Anyway, I threw in a bid. The last time a Mark-8 sold, it went for over $5000USD, and that was 9 years ago. These appeared to be untouched, almost pristine condition original boards. I was sure a heavyweight collector would easily drop thousands on them. But I figured it’d be fun to pretend to own them for a while. I set my initial bid at $1000USD. And it held out the full 9 days, all the way until just the last minute, when somebody bid up to $1300. Believing these were never going to be mine anyway, as a lark I upped my bid to $1575. Then I watched the last seconds tick away, waiting for that last snipe to take ‘my’ boards from me.
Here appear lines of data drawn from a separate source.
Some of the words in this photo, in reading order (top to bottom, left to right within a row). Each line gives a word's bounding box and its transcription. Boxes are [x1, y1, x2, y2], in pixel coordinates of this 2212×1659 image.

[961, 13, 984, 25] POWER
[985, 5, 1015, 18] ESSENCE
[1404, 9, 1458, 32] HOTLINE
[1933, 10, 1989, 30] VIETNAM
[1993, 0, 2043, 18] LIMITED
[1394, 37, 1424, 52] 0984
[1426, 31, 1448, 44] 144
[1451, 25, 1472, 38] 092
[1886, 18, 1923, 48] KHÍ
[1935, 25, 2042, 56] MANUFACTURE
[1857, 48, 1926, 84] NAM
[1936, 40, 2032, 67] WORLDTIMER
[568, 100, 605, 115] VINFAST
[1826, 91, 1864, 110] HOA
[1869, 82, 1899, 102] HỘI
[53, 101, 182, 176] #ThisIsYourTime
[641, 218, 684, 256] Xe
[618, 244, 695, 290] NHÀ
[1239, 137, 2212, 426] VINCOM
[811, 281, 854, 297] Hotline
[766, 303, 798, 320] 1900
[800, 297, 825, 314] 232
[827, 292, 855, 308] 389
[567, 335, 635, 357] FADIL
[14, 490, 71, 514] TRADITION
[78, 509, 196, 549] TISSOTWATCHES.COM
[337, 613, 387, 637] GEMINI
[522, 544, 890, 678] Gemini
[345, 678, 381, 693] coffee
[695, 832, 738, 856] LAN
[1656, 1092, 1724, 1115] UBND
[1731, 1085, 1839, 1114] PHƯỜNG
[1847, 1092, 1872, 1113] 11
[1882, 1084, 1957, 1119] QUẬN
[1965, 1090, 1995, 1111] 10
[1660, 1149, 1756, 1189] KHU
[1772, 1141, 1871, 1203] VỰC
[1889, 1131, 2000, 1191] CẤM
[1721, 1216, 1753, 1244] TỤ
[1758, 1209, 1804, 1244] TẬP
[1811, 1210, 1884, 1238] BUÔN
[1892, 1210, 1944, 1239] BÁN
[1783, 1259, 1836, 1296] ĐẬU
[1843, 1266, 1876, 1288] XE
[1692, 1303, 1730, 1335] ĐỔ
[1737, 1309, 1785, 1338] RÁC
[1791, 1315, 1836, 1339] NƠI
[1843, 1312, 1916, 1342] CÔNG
But it didn’t happen. The price settled at $1517. I was now a member of an extremely exclusive club: Mark-8 owner. Okay, they’re just the boards, but still. Untouched? How rare is that? I felt almost paranoid — had I been had? Just a few a years earlier someone on ebay had tried to pass off an Obtronix reproduction kit as original. Were these really good fakes that real collectors had spotted a mile away?

I did a lot of asking around, but the consensus was, they were the real deal! The original Techniques bags nailed it, along with the unique fab house markings on the PCB substrate. Wow!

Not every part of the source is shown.